Referring expression grounding data:
↓↓↓

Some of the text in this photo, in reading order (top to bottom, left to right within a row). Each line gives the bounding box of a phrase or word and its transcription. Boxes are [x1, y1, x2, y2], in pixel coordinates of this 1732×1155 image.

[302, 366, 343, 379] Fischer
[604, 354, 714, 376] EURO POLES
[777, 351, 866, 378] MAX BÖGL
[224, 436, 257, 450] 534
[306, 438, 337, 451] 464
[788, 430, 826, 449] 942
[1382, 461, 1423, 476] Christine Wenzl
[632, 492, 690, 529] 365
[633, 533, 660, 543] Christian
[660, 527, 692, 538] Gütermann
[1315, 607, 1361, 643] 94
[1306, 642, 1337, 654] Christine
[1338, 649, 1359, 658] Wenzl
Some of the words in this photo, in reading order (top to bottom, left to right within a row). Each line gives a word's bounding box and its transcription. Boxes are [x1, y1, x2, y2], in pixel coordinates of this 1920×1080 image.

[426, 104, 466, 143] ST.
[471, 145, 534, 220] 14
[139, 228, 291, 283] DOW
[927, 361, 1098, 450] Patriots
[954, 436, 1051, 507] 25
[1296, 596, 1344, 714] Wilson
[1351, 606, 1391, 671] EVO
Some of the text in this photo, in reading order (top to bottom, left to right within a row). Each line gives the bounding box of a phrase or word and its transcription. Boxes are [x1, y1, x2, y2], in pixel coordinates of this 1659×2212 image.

↑↑↑

What is required: Write out the records once more, precisely as they stand.

Finished exercise:
Some of the text in this photo, in reading order (top to bottom, left to right within a row). Each line gives the bounding box of a phrase or word and its transcription. Boxes are [x1, y1, x2, y2], in pixel coordinates of this 1732×1155 image.

[302, 366, 343, 379] Fischer
[604, 354, 714, 376] EURO POLES
[777, 351, 866, 378] MAX BÖGL
[224, 436, 257, 450] 534
[306, 438, 337, 451] 464
[788, 430, 826, 449] 942
[1382, 461, 1423, 476] Christine Wenzl
[632, 492, 690, 529] 365
[633, 533, 660, 543] Christian
[660, 527, 692, 538] Gütermann
[1315, 607, 1361, 643] 94
[1306, 642, 1337, 654] Christine
[1338, 649, 1359, 658] Wenzl
Some of the words in this photo, in reading order (top to bottom, left to right within a row). Each line gives a word's bounding box and its transcription. Boxes are [x1, y1, x2, y2], in pixel coordinates of this 1920×1080 image.

[426, 104, 466, 143] ST.
[471, 145, 534, 220] 14
[139, 228, 291, 283] DOW
[927, 361, 1098, 450] Patriots
[954, 436, 1051, 507] 25
[1296, 596, 1344, 714] Wilson
[1351, 606, 1391, 671] EVO
Some of the text in this photo, in reading order (top to bottom, left to right within a row). Each line gives the bounding box of a phrase or word and its transcription. Boxes are [x1, y1, x2, y2], in pixel coordinates of this 1659×2212 image.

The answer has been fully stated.